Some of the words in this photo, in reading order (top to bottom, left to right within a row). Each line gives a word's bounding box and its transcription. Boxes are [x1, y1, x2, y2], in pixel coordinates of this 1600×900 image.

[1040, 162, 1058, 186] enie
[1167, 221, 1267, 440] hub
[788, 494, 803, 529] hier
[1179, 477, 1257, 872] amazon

WORK INSTRUCTION – Take the records above and write each one out again exactly.

RESPONSE AREA –
Some of the words in this photo, in reading order (top to bottom, left to right within a row). Each line gives a word's bounding box and its transcription. Boxes are [x1, y1, x2, y2], in pixel coordinates of this 1600×900 image.

[1040, 162, 1058, 186] enie
[1167, 221, 1267, 440] hub
[788, 494, 803, 529] hier
[1179, 477, 1257, 872] amazon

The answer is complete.